A couple of months ago I had the privilege of hearing Atlanta-based music producer Billy Hume talk about the ins and outs of mixing and producing. When asked about mastering, he said that it was (and I’m paraphrasing) a special kind of science (or magic or wizardry) that was best left to those who only do mastering. That is, he focuses on his art – mixing and producing music – and leaves the art of mastering up to someone else. I’m sure he was being humble (just check out his resume), but it’s an interesting point. Should you master your own music or get someone else to do it?
Well Billy is more knowledgeable than I am so I trust his judgement. But I’m a fan of getting mastering help for a couple other reasons:
First, I prefer to do what I love and what I like to think I do well, which is writing and recording music. After I mix everything down, I rely on experts to handle the mastering. While Billy was being funny, he’s right. It really is different from anything else you do when recording. I don’t want to spend a lot of time learning about the complexities of mastering when I could use that time to write more songs.
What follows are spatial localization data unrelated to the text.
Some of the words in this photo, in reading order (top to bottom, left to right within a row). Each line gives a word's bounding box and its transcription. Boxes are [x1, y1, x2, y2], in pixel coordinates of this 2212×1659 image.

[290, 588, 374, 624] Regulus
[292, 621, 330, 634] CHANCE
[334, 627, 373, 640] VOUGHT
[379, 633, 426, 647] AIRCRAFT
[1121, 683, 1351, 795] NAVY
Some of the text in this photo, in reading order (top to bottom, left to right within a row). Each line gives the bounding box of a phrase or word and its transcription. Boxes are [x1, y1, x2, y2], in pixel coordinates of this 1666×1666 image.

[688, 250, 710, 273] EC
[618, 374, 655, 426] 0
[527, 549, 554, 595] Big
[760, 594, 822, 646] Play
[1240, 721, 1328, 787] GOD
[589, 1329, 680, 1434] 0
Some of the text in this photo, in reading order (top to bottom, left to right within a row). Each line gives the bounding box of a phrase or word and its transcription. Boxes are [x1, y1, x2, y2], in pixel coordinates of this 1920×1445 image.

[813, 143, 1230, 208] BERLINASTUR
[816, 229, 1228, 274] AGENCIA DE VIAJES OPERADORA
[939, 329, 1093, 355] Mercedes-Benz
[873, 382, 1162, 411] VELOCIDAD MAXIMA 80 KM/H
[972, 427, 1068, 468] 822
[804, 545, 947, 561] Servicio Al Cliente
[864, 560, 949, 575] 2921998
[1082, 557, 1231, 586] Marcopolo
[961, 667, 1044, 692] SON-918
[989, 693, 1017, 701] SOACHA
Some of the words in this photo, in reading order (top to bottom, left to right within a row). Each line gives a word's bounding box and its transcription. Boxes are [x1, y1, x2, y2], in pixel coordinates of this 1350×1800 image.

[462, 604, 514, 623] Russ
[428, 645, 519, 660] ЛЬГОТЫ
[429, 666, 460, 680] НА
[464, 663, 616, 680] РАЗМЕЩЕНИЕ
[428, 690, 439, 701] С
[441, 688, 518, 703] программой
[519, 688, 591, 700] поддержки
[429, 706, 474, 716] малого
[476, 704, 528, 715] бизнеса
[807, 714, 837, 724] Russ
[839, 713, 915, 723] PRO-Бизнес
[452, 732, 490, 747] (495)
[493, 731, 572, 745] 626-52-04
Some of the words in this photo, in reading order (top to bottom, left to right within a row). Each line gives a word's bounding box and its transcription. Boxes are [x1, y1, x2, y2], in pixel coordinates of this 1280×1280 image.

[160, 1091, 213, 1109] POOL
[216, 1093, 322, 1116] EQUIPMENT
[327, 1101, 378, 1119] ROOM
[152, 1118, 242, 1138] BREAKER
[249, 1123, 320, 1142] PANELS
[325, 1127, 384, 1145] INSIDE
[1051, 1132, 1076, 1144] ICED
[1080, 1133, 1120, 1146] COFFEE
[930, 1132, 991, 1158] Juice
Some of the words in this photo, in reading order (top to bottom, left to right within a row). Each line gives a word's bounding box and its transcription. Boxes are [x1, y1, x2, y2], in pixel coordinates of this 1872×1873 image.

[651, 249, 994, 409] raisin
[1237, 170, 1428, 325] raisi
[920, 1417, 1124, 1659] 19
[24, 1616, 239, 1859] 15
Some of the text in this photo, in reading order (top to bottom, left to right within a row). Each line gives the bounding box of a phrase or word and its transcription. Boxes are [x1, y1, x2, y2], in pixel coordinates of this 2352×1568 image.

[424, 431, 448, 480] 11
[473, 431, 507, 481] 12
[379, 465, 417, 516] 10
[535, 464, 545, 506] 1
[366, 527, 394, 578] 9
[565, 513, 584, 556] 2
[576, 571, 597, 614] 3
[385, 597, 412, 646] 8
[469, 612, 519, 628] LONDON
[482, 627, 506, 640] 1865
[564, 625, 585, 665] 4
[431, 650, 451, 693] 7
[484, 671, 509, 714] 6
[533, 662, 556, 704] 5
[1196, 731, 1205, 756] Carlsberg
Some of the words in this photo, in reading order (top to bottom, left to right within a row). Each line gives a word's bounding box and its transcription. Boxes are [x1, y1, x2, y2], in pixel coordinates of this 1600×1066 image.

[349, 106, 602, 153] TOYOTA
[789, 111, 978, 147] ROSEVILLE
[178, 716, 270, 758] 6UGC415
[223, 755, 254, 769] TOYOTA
Second, if you’re a solo musician like me, you’d benefit from another set of ears hearing your music, and contributing some sonic support. Actually I think everyone who is recording music would benefit from this. Of course if you’re a perfectionist who has to do everything on his/her own then you might disagree. But I like getting the help and suggestions of a professional.
Finally, and this is the most important point, mastering is an art unto itself. The people who do it well add a quality, a warmth, an extra sparkle to your music. And this is absolutely worth the investment.
A couple of recommendations: my most recent music was mastered by Frank Marheineke at Analog Mastering and I think he always does an amazing job. My first release was mastered by Lorenz Vauck at Xarc Mastering and I would definitely recommend his work as well.